One of 25 Copies, Inscribed to His Wife

The River Dove; With Some Quiet Thoughts on the Happy Practice of Angling, near to the Seat of Mr. Charles Cotton at Beresford Hall, in Staffordshire.

[N.p: Privately Printed, 1845].

Price: $10,000.00


About the item

First edition, one of 25 large paper copies printed. Extra-illustrated with 13 wood-engraved illustrations on india-proof paper mounted in the margins. [iv], 241 pp. 1 vols. Tall 8vo (11-1/8 x 7-1/4 inches). One of 25 Copies, Inscribed to His Wife. Bound in contemporary quarter brown morocco and green cloth, titled on spine "The River Dove" between gilt rules. Front endpaper split at hinge, slightly rubbed. Westwood and Satchell p. 1; Heckscher p. 11.

Item #230508

AUTHOR'S PRESENTATION COPY, INSCRIBED on half-title “To the most beloved from John L. Anderdon, 7th Nov. 1845”, of this colloquy on angling after the fashion of Izaac Walton and Charles Cotton, by a noted collector of Walton and Johnsoniana.
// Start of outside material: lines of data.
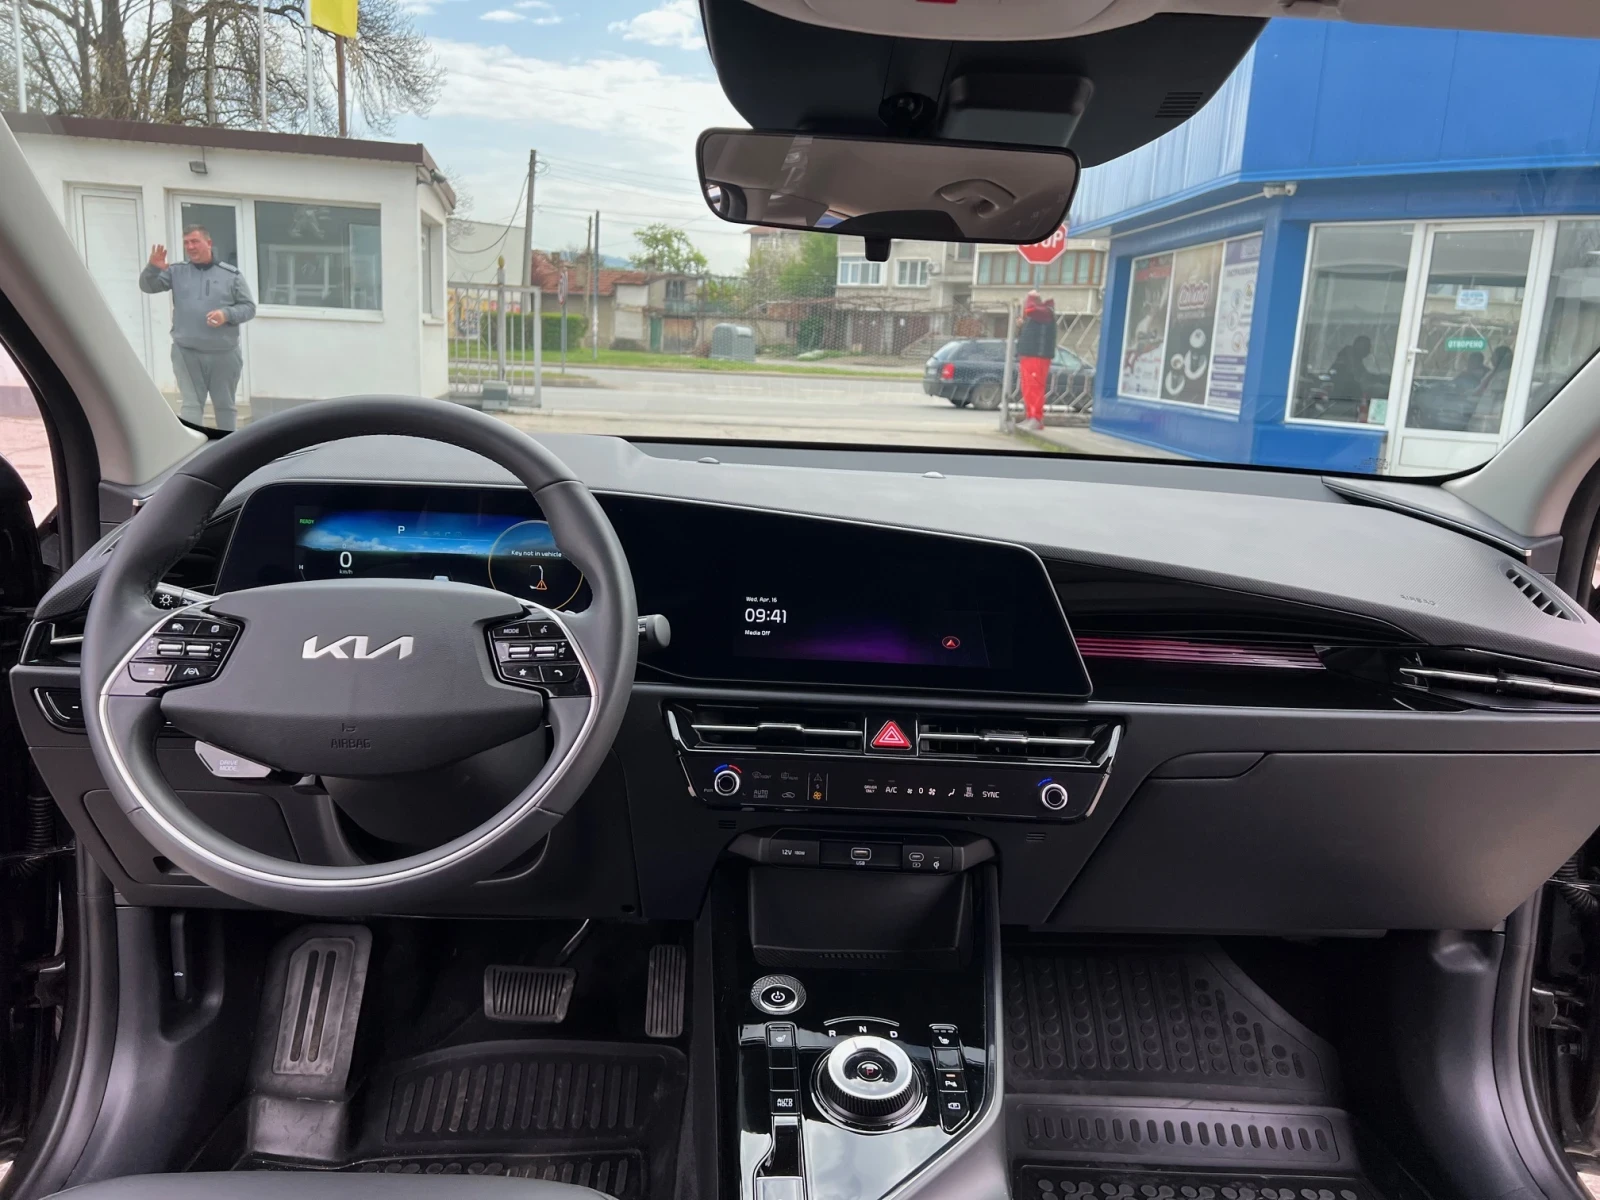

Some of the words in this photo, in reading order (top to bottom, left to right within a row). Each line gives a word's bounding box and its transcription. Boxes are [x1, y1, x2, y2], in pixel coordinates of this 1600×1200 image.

[397, 525, 406, 534] P
[340, 551, 352, 568] 0
[745, 608, 787, 624] 09:41
[302, 635, 414, 660] KIA
[330, 738, 371, 750] AIRBAG
[885, 786, 898, 794] A/C
[982, 790, 1000, 799] SYNC
[828, 1029, 837, 1038] R
[858, 1025, 868, 1034] N
[889, 1030, 899, 1039] D
[865, 1067, 875, 1076] P
Anderdon’s library included the 1653 Compleat Angler, and this discourse between Angler, Painter, and Host is both homage to the seventeenth-century masters and an attempt to elucidate some of their sources and influences. The author intended it "for the entertainment of a few gentlemen fishers," the work being based on a tour he made along the Dove. The privately printed large-paper edition, limited to twenty-five copies, appeared in 1845; a trade edition in small 8vo format was published by Pickering two years later.
The inscription is to his wife, Anna Maria (1796-1880, the second daughter of William Manning MP), whom he married on 4 March 1816.
“Anderdon was an enthusiastic fisherman, and a walking tour through Dovedale, the country of Charles Cotton, one of the earliest professors of the art of angling, gave him the idea of compiling a volume on The River Dove: with some Quiet Thoughts on the Happy Practice of Angling. Printed in 1845 for private circulation and for sale two years later, it contained many anecdotes of Cotton and his country life, with advice on successful fishing” (ODNB).